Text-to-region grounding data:
--

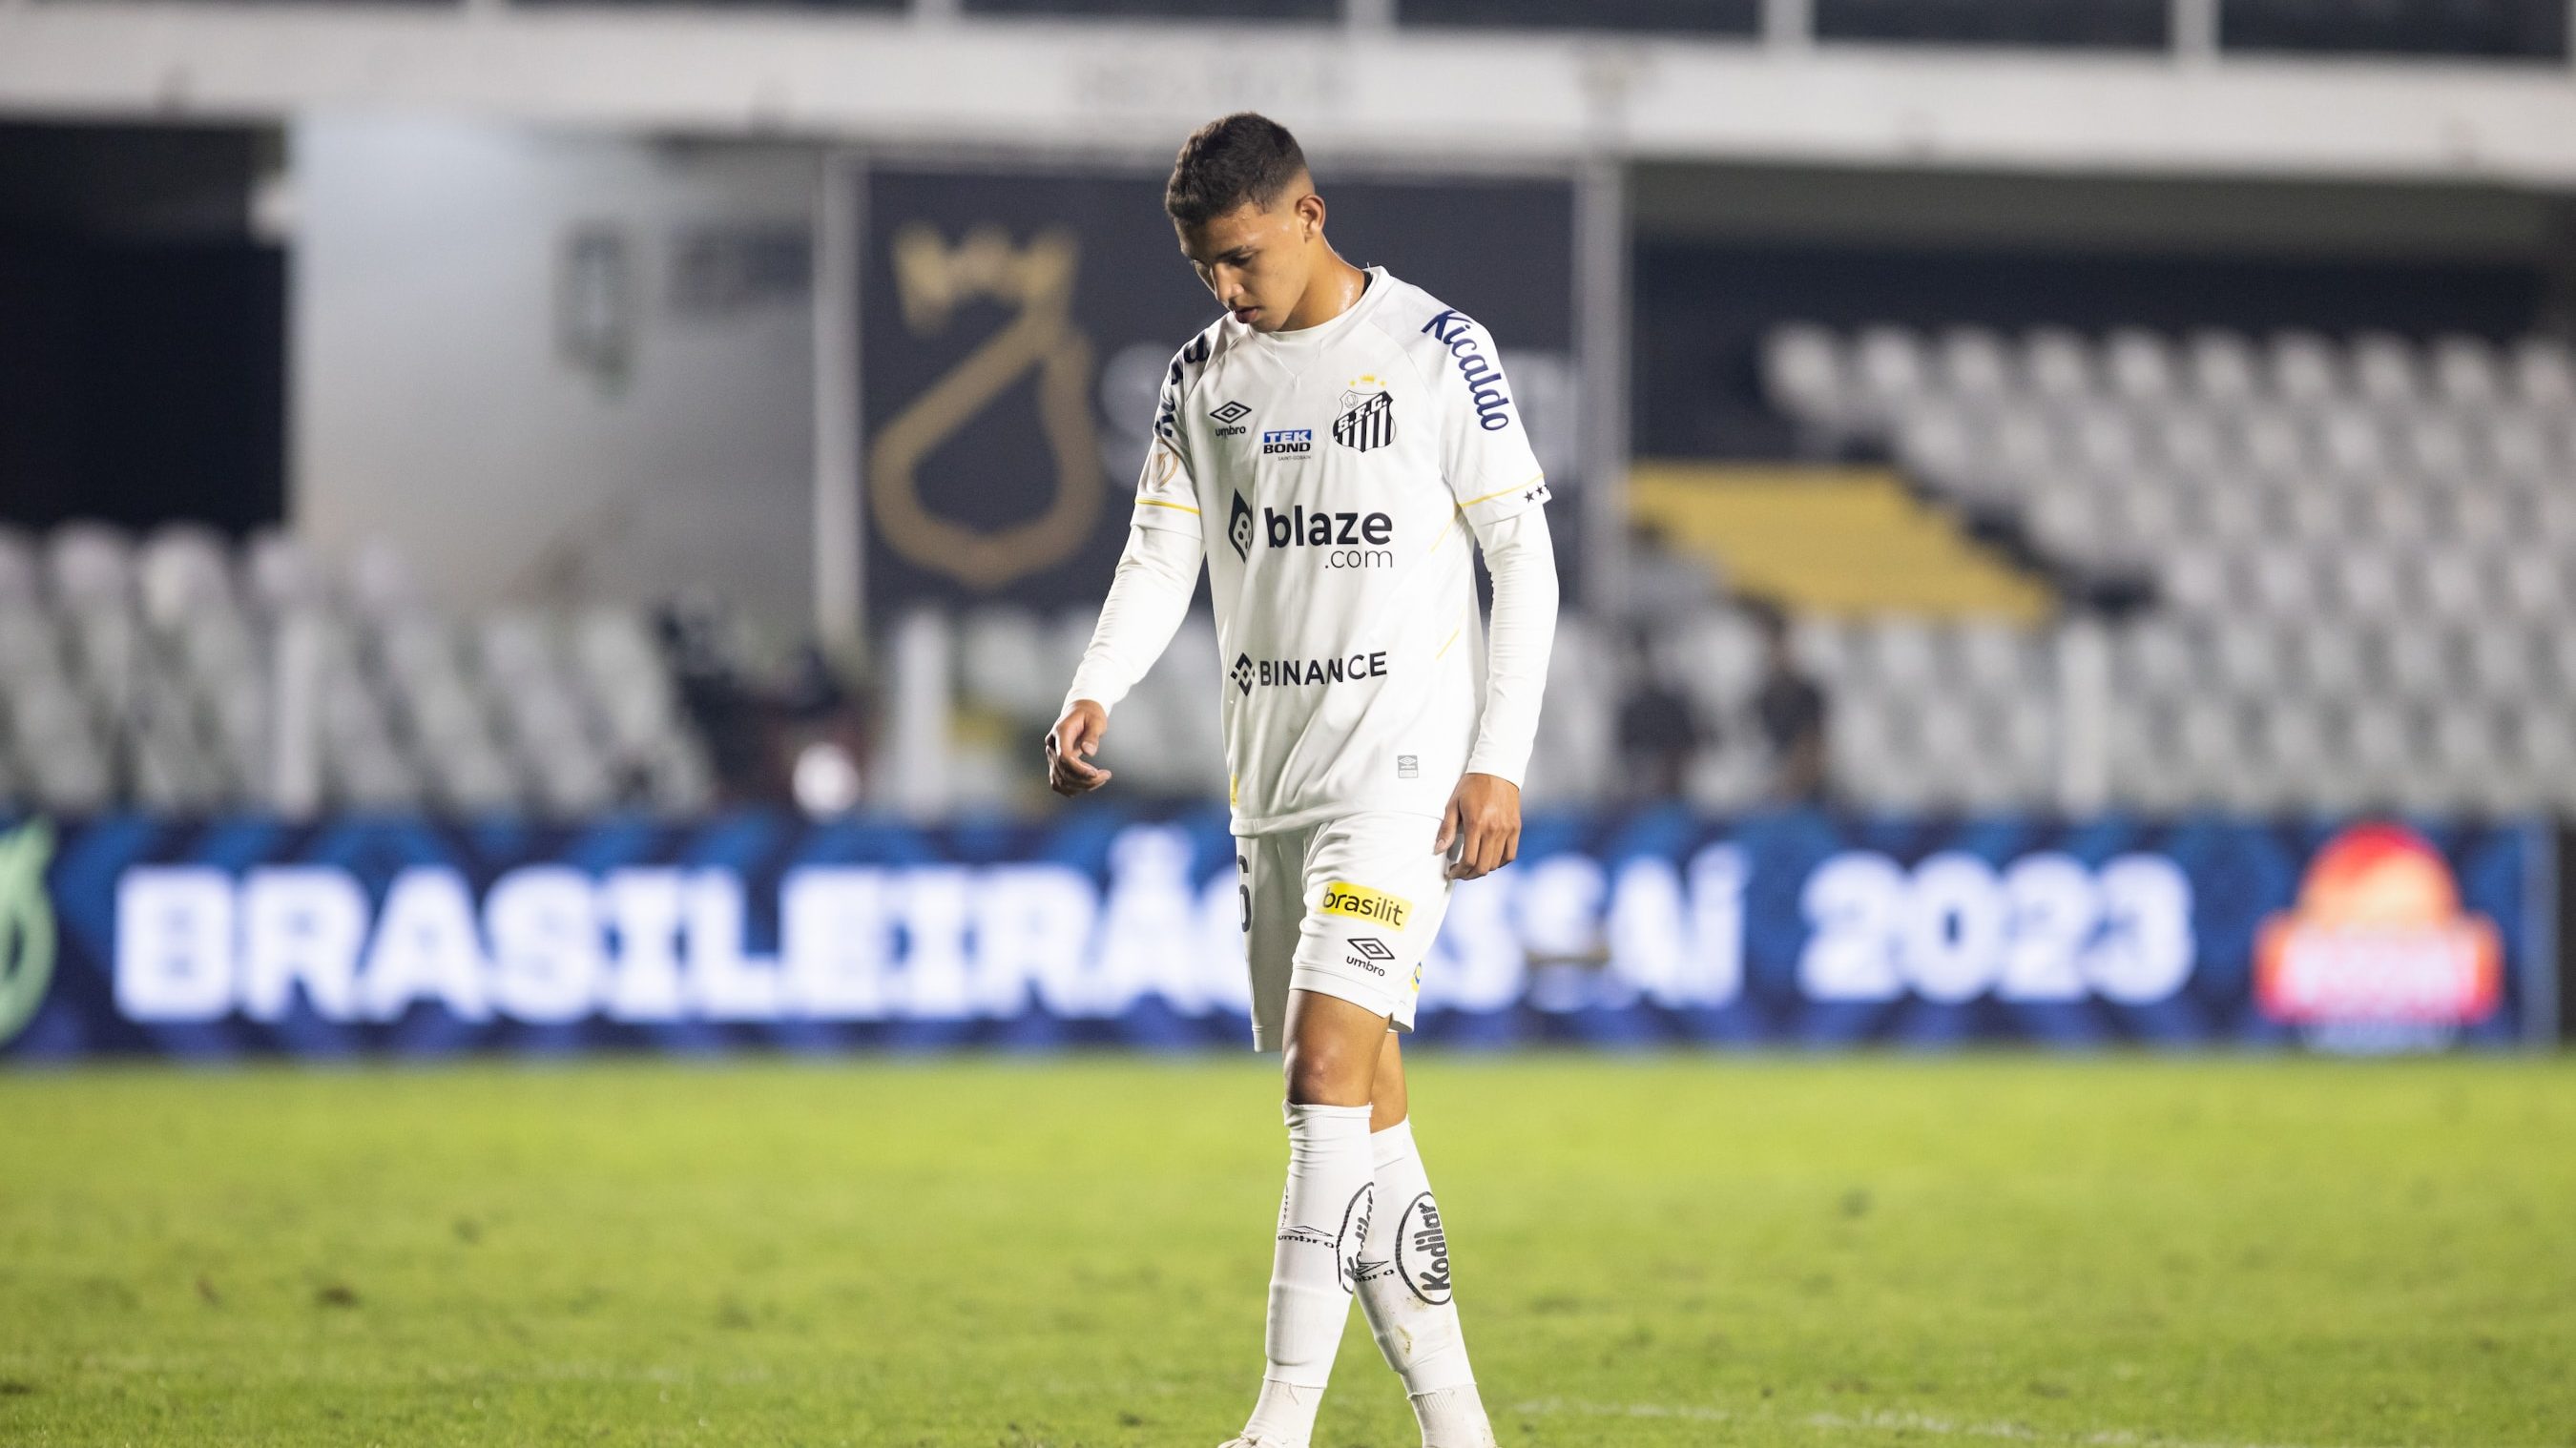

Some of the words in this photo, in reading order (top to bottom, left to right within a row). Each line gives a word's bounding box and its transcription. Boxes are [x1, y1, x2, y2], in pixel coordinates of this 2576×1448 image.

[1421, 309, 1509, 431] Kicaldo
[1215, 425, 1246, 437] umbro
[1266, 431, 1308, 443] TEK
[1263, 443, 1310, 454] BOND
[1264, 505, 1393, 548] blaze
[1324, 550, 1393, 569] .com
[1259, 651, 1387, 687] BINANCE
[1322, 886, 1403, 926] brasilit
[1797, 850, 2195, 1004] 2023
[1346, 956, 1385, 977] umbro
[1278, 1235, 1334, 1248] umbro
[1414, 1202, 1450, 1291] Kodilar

--

About this exercise. Copy each line of the records above without change, but do not include any picture.

Finished task.
Some of the words in this photo, in reading order (top to bottom, left to right within a row). Each line gives a word's bounding box and its transcription. Boxes are [x1, y1, x2, y2], in pixel coordinates of this 2576×1448 image.

[1421, 309, 1509, 431] Kicaldo
[1215, 425, 1246, 437] umbro
[1266, 431, 1308, 443] TEK
[1263, 443, 1310, 454] BOND
[1264, 505, 1393, 548] blaze
[1324, 550, 1393, 569] .com
[1259, 651, 1387, 687] BINANCE
[1322, 886, 1403, 926] brasilit
[1797, 850, 2195, 1004] 2023
[1346, 956, 1385, 977] umbro
[1278, 1235, 1334, 1248] umbro
[1414, 1202, 1450, 1291] Kodilar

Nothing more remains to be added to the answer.